- [Exercise]:
Your reply should be an exact copy of every entry, with the pictures removed.

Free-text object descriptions
########################################
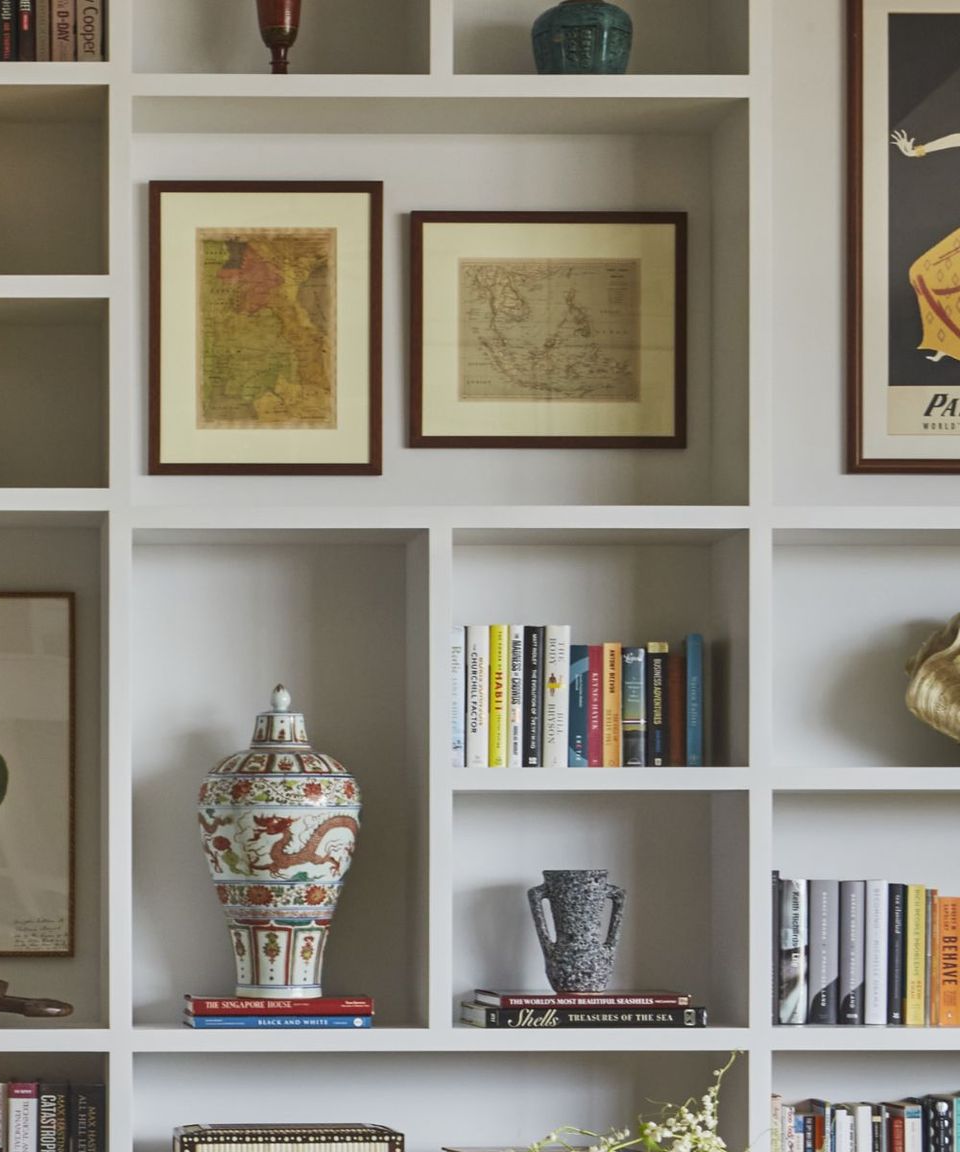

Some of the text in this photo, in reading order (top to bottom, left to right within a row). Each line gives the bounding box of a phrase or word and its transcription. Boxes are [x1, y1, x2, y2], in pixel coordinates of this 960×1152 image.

[57, 11, 70, 41] D-DAY
[80, 7, 98, 55] Cooper
[923, 393, 960, 416] PA
[511, 640, 521, 704] MADNESS CROWDS
[653, 659, 661, 724] BUSINESS ADVENTURES
[792, 891, 800, 947] Keith Richards
[942, 936, 957, 985] BEHAVE
[206, 1000, 292, 1009] THE SINGAPORE HOUSE
[507, 1009, 560, 1027] Shells
[568, 1014, 674, 1022] TREASURES OF THE SEA
[88, 1106, 96, 1127] MAX
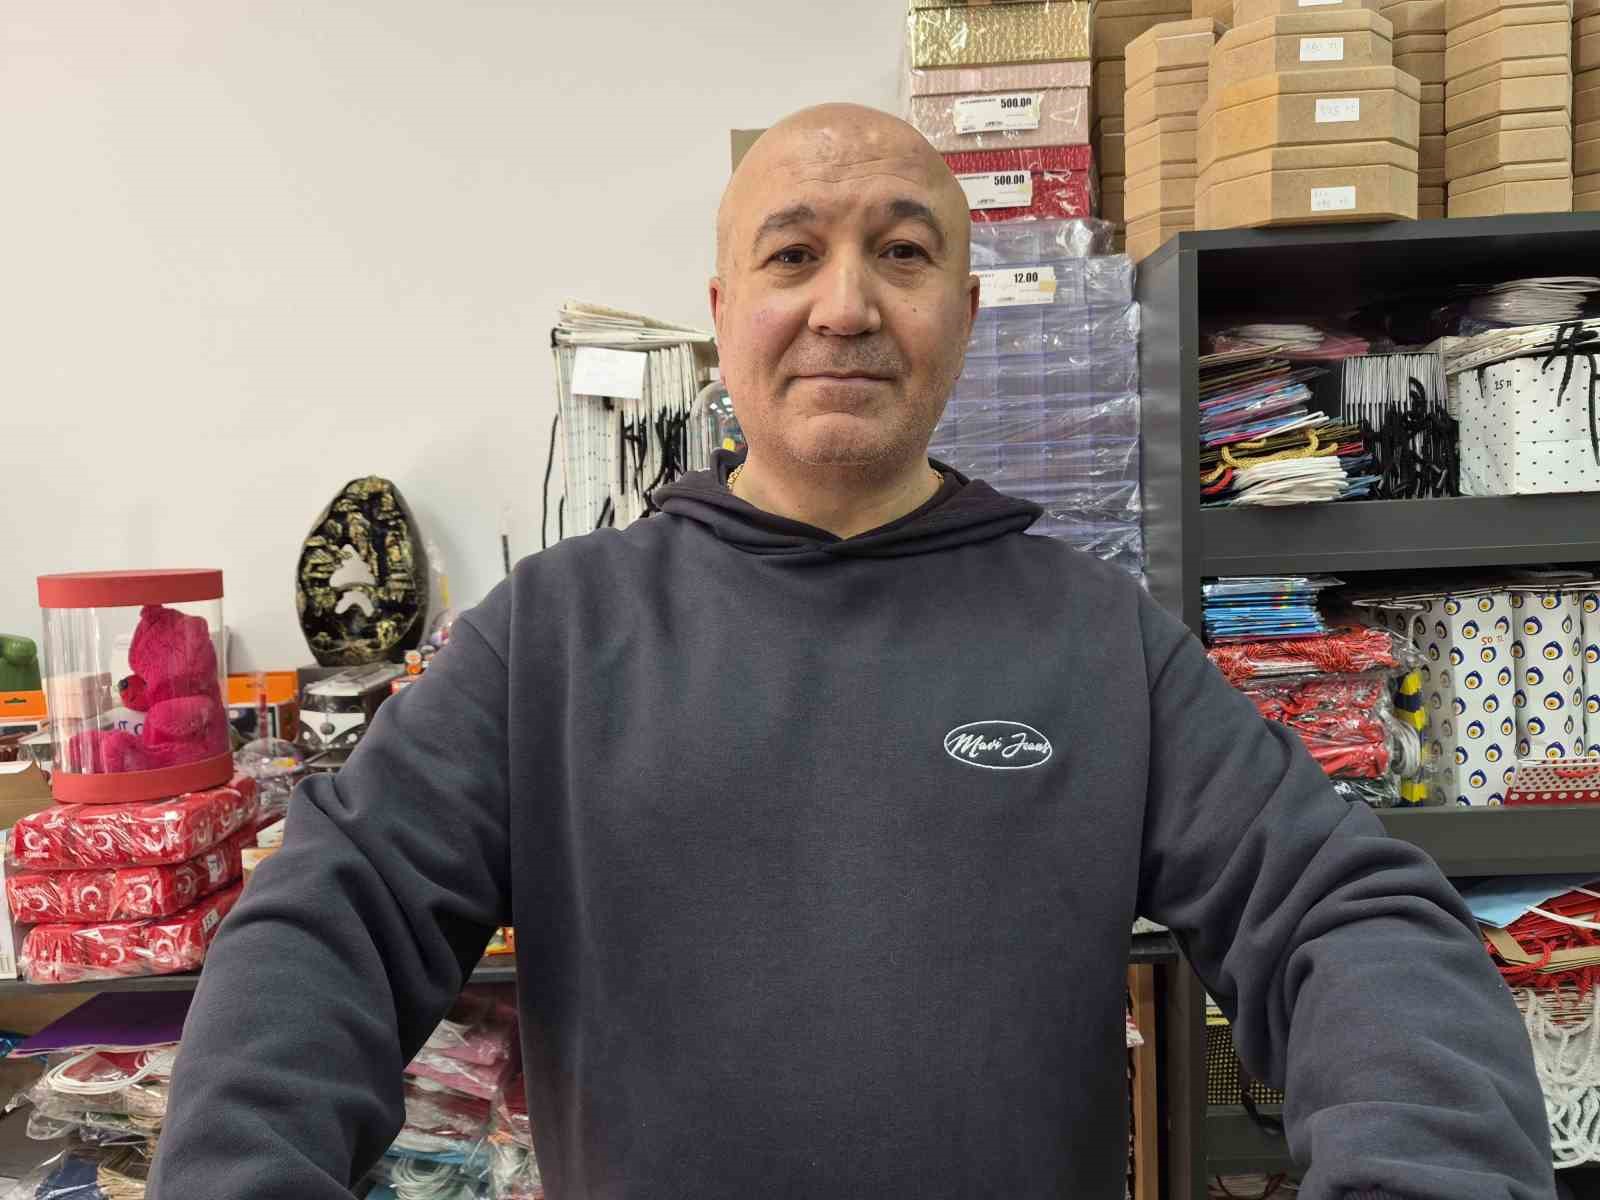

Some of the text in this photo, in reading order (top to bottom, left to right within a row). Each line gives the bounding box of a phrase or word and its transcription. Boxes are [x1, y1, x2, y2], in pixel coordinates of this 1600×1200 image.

[1001, 98, 1032, 109] 500.00
[994, 174, 1025, 186] 500.00
[1014, 272, 1039, 284] 12.00
########################################
- [Completed exercise]:
Some of the text in this photo, in reading order (top to bottom, left to right within a row). Each line gives the bounding box of a phrase or word and its transcription. Boxes are [x1, y1, x2, y2], in pixel coordinates of this 960×1152 image.

[57, 11, 70, 41] D-DAY
[80, 7, 98, 55] Cooper
[923, 393, 960, 416] PA
[511, 640, 521, 704] MADNESS CROWDS
[653, 659, 661, 724] BUSINESS ADVENTURES
[792, 891, 800, 947] Keith Richards
[942, 936, 957, 985] BEHAVE
[206, 1000, 292, 1009] THE SINGAPORE HOUSE
[507, 1009, 560, 1027] Shells
[568, 1014, 674, 1022] TREASURES OF THE SEA
[88, 1106, 96, 1127] MAX

Some of the text in this photo, in reading order (top to bottom, left to right within a row). Each line gives the bounding box of a phrase or word and its transcription. Boxes are [x1, y1, x2, y2], in pixel coordinates of this 1600×1200 image.

[1001, 98, 1032, 109] 500.00
[994, 174, 1025, 186] 500.00
[1014, 272, 1039, 284] 12.00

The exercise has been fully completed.